§ **EXERCISE DESCRIPTION**:
When you repeat the records, keep every word exact and drop each picture.

§ **MATERIAL FOR THIS EXERCISE**:
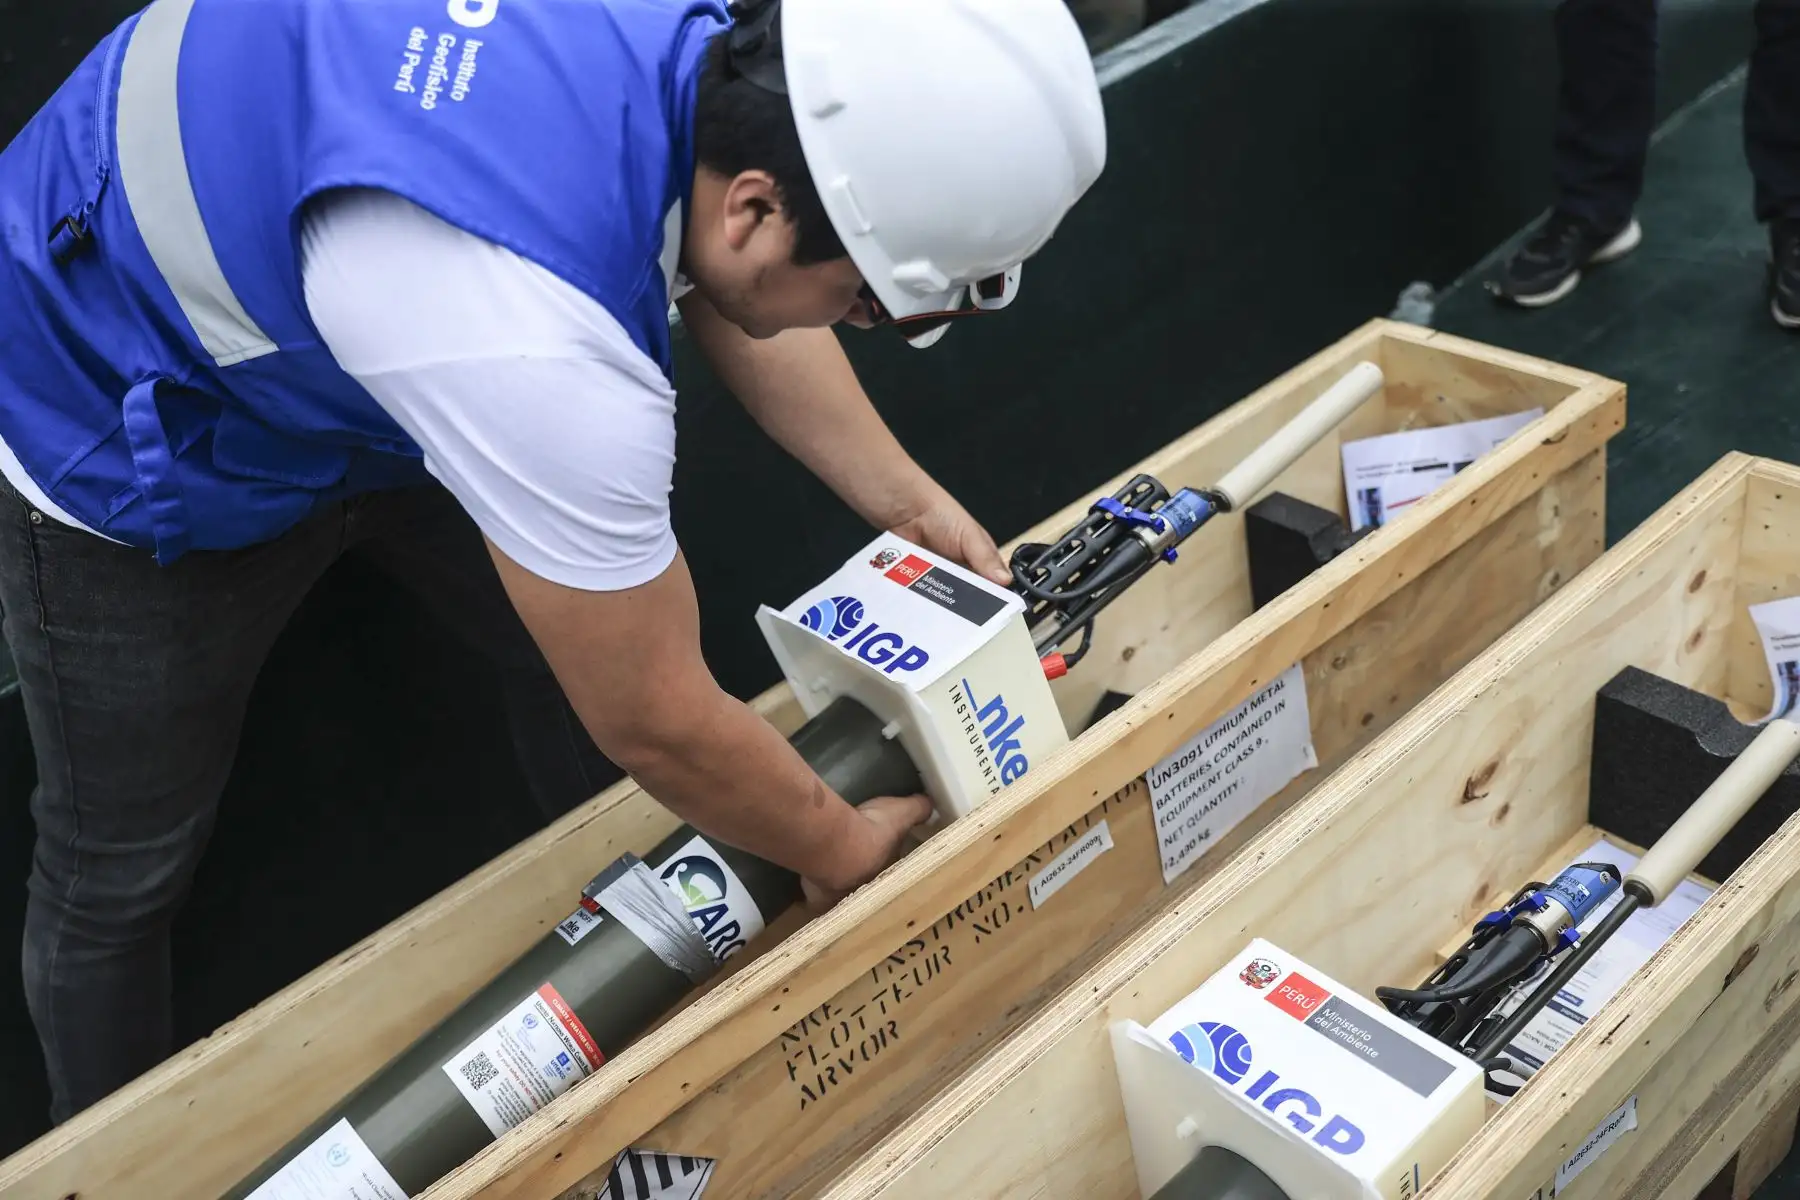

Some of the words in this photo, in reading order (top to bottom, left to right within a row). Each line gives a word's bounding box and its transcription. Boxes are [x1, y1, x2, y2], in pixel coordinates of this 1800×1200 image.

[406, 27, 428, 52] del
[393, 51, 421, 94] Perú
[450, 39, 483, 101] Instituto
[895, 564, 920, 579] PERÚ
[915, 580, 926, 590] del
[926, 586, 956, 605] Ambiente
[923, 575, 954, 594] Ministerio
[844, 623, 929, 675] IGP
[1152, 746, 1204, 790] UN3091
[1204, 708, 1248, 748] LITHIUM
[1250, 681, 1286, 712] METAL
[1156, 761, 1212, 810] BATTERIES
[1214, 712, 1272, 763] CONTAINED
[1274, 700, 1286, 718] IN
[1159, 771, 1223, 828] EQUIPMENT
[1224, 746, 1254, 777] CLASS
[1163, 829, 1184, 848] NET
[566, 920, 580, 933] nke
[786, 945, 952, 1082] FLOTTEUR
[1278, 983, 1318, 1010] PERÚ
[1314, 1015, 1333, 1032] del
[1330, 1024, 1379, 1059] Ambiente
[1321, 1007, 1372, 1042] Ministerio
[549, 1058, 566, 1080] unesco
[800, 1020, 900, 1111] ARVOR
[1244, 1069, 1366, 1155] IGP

§ **COMPLETED TASK**:
Some of the words in this photo, in reading order (top to bottom, left to right within a row). Each line gives a word's bounding box and its transcription. Boxes are [x1, y1, x2, y2], in pixel coordinates of this 1800×1200 image.

[406, 27, 428, 52] del
[393, 51, 421, 94] Perú
[450, 39, 483, 101] Instituto
[895, 564, 920, 579] PERÚ
[915, 580, 926, 590] del
[926, 586, 956, 605] Ambiente
[923, 575, 954, 594] Ministerio
[844, 623, 929, 675] IGP
[1152, 746, 1204, 790] UN3091
[1204, 708, 1248, 748] LITHIUM
[1250, 681, 1286, 712] METAL
[1156, 761, 1212, 810] BATTERIES
[1214, 712, 1272, 763] CONTAINED
[1274, 700, 1286, 718] IN
[1159, 771, 1223, 828] EQUIPMENT
[1224, 746, 1254, 777] CLASS
[1163, 829, 1184, 848] NET
[566, 920, 580, 933] nke
[786, 945, 952, 1082] FLOTTEUR
[1278, 983, 1318, 1010] PERÚ
[1314, 1015, 1333, 1032] del
[1330, 1024, 1379, 1059] Ambiente
[1321, 1007, 1372, 1042] Ministerio
[549, 1058, 566, 1080] unesco
[800, 1020, 900, 1111] ARVOR
[1244, 1069, 1366, 1155] IGP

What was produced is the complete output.